But as much as public housing is needed, the last thing we need is another Tin Shui Wai. The reason why this “city of sadness” has emerged is because we’ve put the poorest people in our society together in an isolated place far from the city centre far from the city centre with scant job opportunities. The result is that domestic violence and family tragedies erupt. And jobs are scarce because you have malls in public housing estates operated by companies under the Link real estate investment trust that charge sky-high rents – forcing small business owners out.

Another example that shows our society has become more unfair is the HK$6,000 government handout. Why did the government have to exclude the new immigrants, when everyone else from the rich to the poor got it? The Community Care Fund ended up having to provide the HK$6,000 to these new arrivals, which to me makes no sense.

And we have even had to mobilise the elderly to protest for the monthly old age allowance of HK$1,090, something we rightfully deserve.

As for the environment, the air pollution seems to be mostly coming from factories on the mainland. But what has been most problematic seems to be in finding solutions for waste management.

A2 Yes, I still take pride in being a Hongkonger because our freedom of expression has not diminished and you can tell that is the case by the regular staging of protests throughout the year. Our basic human rights as well as a just rule of law have been safeguarded over the past 15 years. Even though there has been conflict between police and protesters, I still think our freedom of expression has remained sacred.

I have hope for this city because we are a land of prosperity (SEHK: 0803announcements,news) . We are not struck by natural disasters, and we are entitled to liberties that many of our neighbours are deprived of. Also, I am hopeful that the construction of public housing will be revived.

A3 I am passionate about Hong Kong, and I will spend the rest of my life living in this prosperous city. For this reason, I would never consider migrating. I also would not move to the mainland because, frankly, I don’t have a home return permit. But even if I had one, I would not live there because of the abundance of fake or poisonous products, but most of all, because of the chilling political persecution of activists. If someone like me enters the mainland, I will probably disappear quite swiftly.

David Wong Yau-kar

Chairman of the Business and Professionals Federation and former president of the Chinese Manufacturers’ Association of Hong Kong

A1 It feels as if there is more tension and discontent in the social environment, particularly concerning the wealth gap. Actually the widening wealth gap is a worldwide phenomenon, a product of globalisation. Hong Kong may be particularly hard hit because of the mainland factor, where China’s opening up has brought a lot of opportunities initially, but much challenge and competition subsequently. The deindustrialisation of Hong Kong has intensified the process because grass-roots workers have lost their jobs in manufacturing. They were driven into menial service jobs in large numbers, depressing wages even further. What this illustrates is that when we look at problems like the wealth gap, working poor, middle class discontent and the lack of social mobility among young people, they might appear to be social problems. However, the root cause is economic.

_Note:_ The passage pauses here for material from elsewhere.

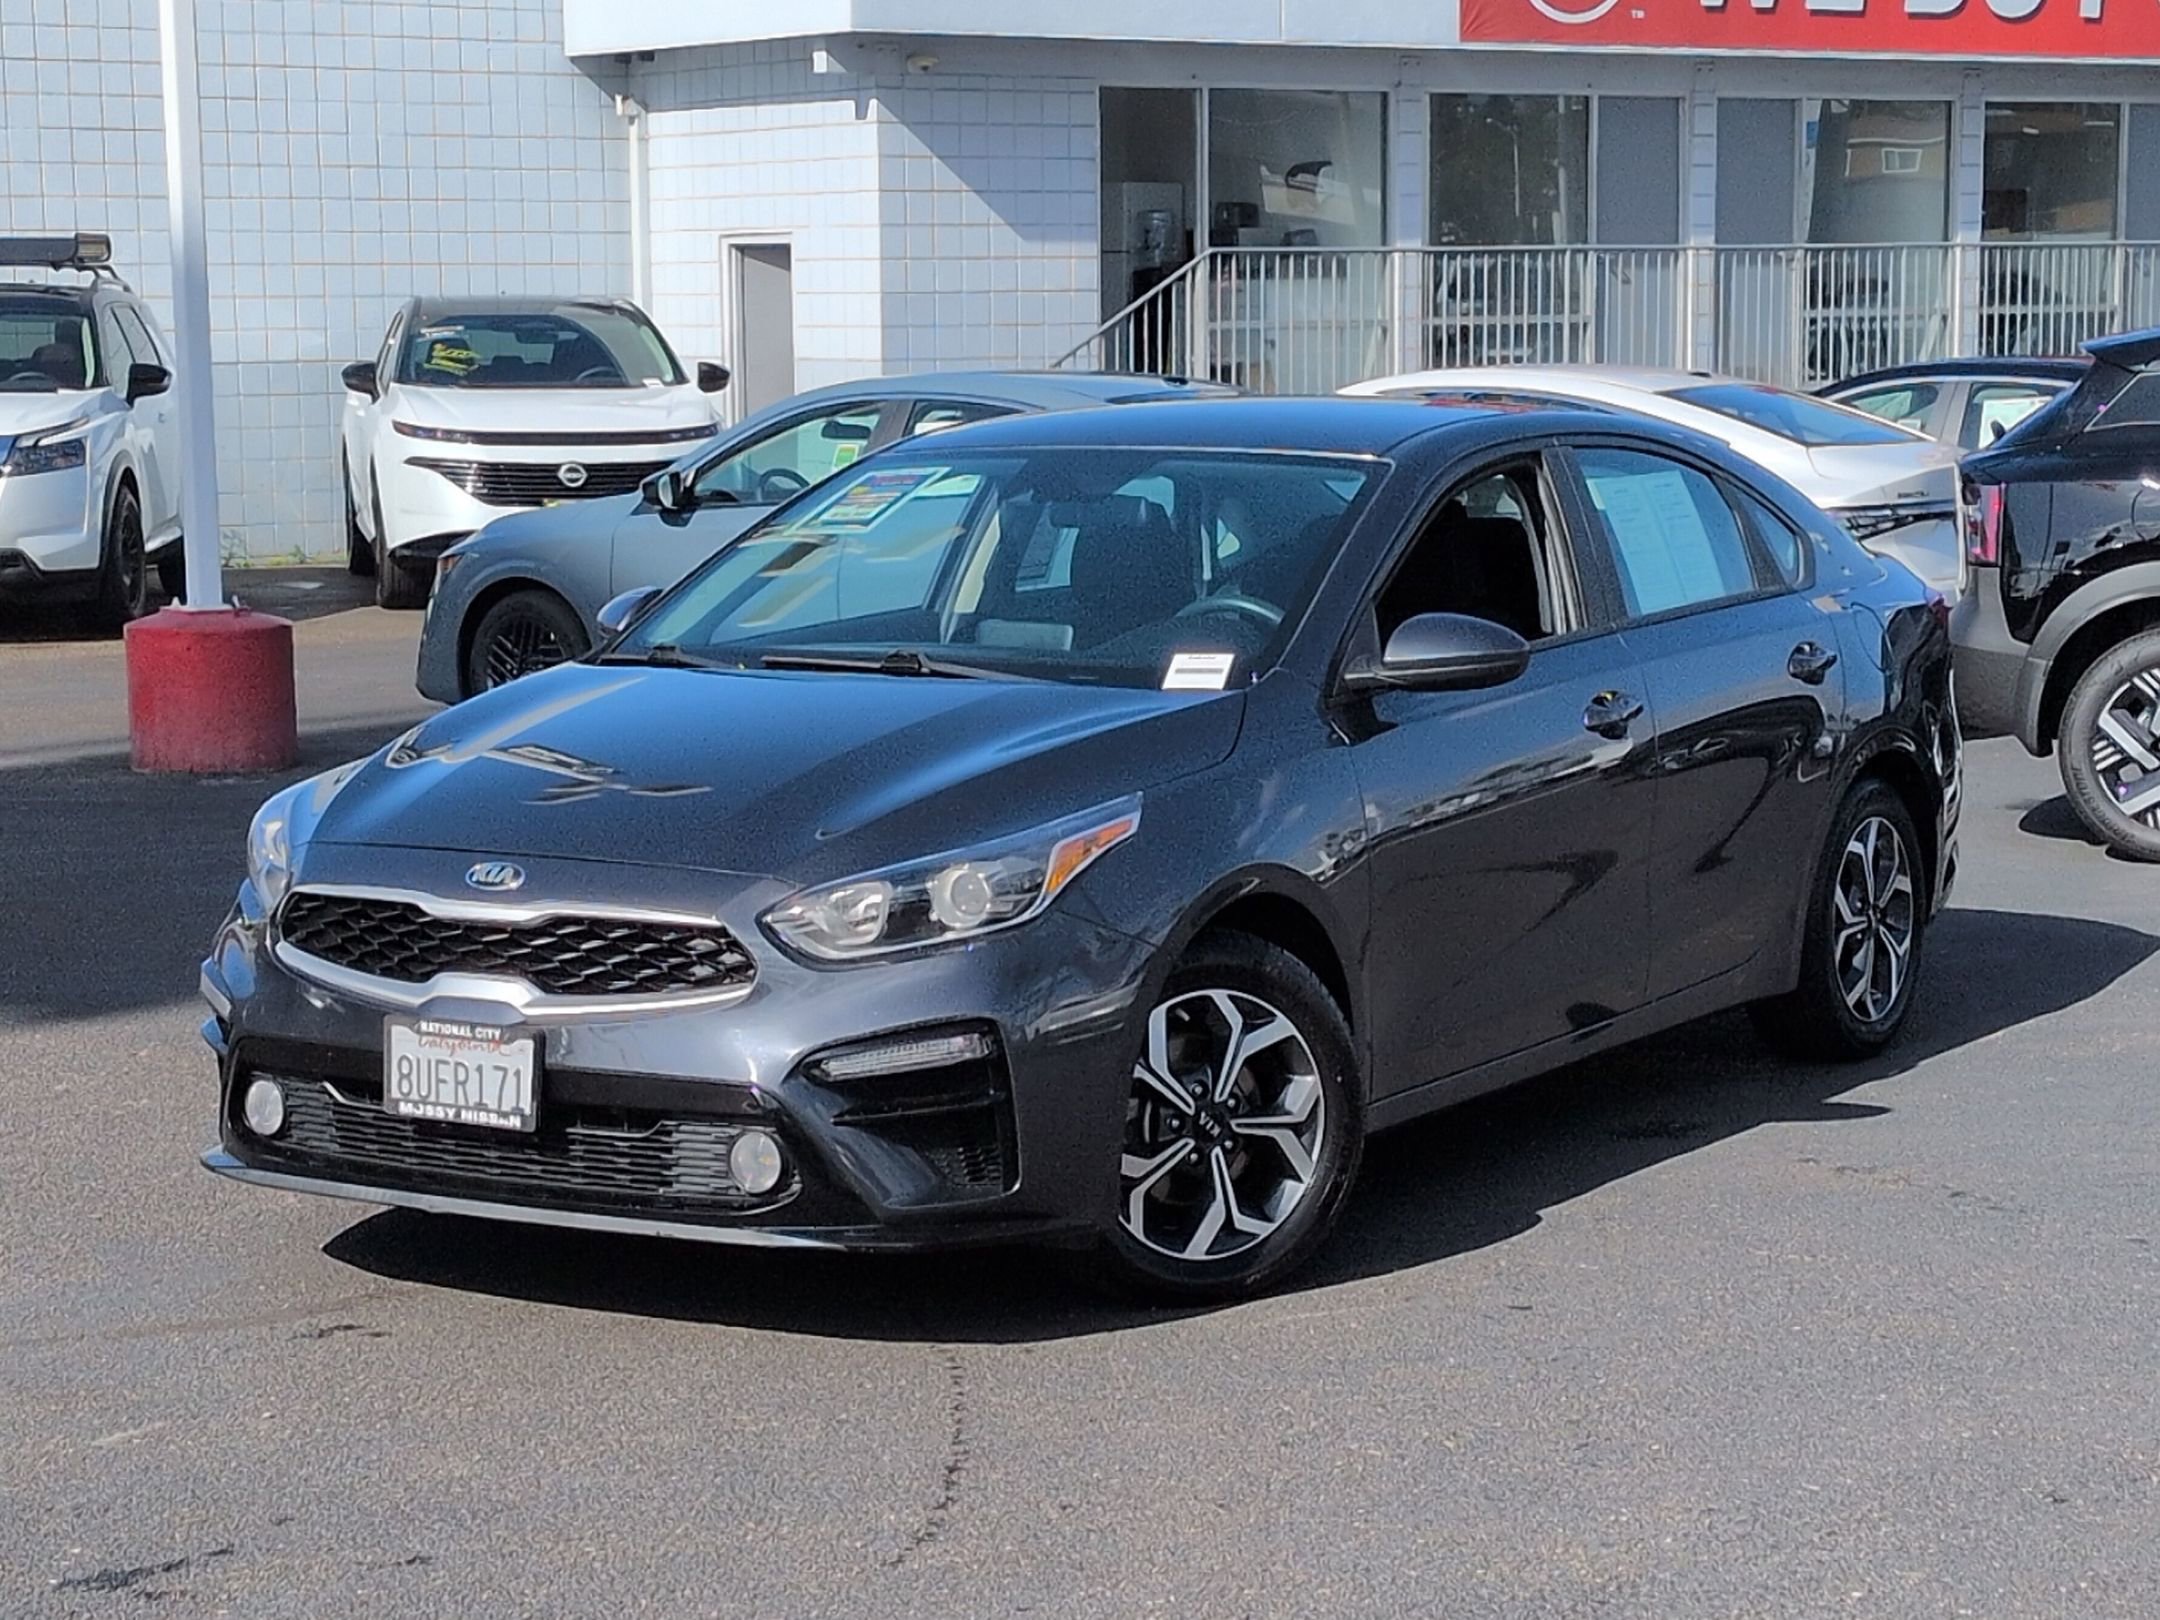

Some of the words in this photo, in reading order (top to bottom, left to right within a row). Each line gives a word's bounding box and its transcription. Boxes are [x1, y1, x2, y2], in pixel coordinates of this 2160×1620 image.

Economic growth in Hong Kong has slowed significantly since the Asian financial crisis in 1997, and the business cycle has become much more volatile. There have even been periods of negative GDP growth, which was quite unheard of previously. As a result, it’s natural that we would have fewer opportunities and that there is less upward mobility.

We should therefore revitalise and grow the economy. But we should look for more balanced growth that creates better and more diverse employment opportunities. We need a more diversified industry structure, such as development of the Six New Industries. We also need to fortify and upgrade our existing pillar industries, such as conventions and exhibitions.

Environmentally speaking, it’s getting worse mainly due to congestion, and we don’t have enough land for development. Infrastructure has developed slowly compared with 20 years ago. It is unbecoming of such an advanced city such as Hong Kong that people are forced to live in such extremely cramped quarters.

A2 Of course I take pride in being a citizen of Hong Kong. Our city has its share of problems, but overall, compared to other cities, Hong Kong is a liveable city. We still have a sound education system and an excellent public healthcare system. It’s also a safe city with a low crime rate, a developed city with efficient transportation and infrastructure, and also a free city that is a hub where East meets West. These characteristics have never regressed. The only long-standing complaint is the congestion, the dense population, the lack of living space and not enough recreational and cultural facilities. Hong Kong also faces serious challenges: our health care system is under tremendous pressure from an ageing population and has to be reformed. We also have a long way to go in beefing up our retirement protection system. Overall, I think this city can continue to succeed if it could safeguard its core values – to remain open and free – and to be receptive to newcomers and new ideas. With all these elements, Hongkongers can continue to be innovative and solve various problems. I am confident in Hongkongers.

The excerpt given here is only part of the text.